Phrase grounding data
---

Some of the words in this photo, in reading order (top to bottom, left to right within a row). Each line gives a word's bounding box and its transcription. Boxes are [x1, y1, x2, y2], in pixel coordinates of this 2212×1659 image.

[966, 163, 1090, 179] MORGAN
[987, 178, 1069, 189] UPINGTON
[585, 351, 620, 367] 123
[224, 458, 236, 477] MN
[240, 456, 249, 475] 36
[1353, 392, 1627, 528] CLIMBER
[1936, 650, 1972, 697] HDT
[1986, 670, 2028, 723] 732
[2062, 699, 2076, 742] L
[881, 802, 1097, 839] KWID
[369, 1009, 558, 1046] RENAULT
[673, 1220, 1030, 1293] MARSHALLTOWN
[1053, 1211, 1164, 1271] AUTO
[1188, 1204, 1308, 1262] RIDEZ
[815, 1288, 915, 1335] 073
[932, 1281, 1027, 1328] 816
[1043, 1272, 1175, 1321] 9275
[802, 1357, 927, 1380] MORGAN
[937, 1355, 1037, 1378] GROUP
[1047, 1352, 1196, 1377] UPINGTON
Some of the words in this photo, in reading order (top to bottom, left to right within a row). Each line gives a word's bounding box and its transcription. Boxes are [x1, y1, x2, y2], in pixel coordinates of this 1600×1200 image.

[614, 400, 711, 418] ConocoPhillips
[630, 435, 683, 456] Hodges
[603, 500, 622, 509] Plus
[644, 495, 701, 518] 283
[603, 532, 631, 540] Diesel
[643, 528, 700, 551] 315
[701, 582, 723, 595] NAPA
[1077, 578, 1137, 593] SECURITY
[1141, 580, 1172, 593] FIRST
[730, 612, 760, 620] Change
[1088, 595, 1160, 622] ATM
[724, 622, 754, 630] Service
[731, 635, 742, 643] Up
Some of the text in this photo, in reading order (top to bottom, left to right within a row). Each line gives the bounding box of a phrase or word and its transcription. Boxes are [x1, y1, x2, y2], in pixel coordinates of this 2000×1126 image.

---

» **Action item**:
Please transcribe exactly the line containing "this 1600×1200 image." and every line after it through the end of the records, and nothing else.

» **Answer**:
Some of the words in this photo, in reading order (top to bottom, left to right within a row). Each line gives a word's bounding box and its transcription. Boxes are [x1, y1, x2, y2], in pixel coordinates of this 1600×1200 image.

[614, 400, 711, 418] ConocoPhillips
[630, 435, 683, 456] Hodges
[603, 500, 622, 509] Plus
[644, 495, 701, 518] 283
[603, 532, 631, 540] Diesel
[643, 528, 700, 551] 315
[701, 582, 723, 595] NAPA
[1077, 578, 1137, 593] SECURITY
[1141, 580, 1172, 593] FIRST
[730, 612, 760, 620] Change
[1088, 595, 1160, 622] ATM
[724, 622, 754, 630] Service
[731, 635, 742, 643] Up
Some of the text in this photo, in reading order (top to bottom, left to right within a row). Each line gives the bounding box of a phrase or word and its transcription. Boxes are [x1, y1, x2, y2], in pixel coordinates of this 2000×1126 image.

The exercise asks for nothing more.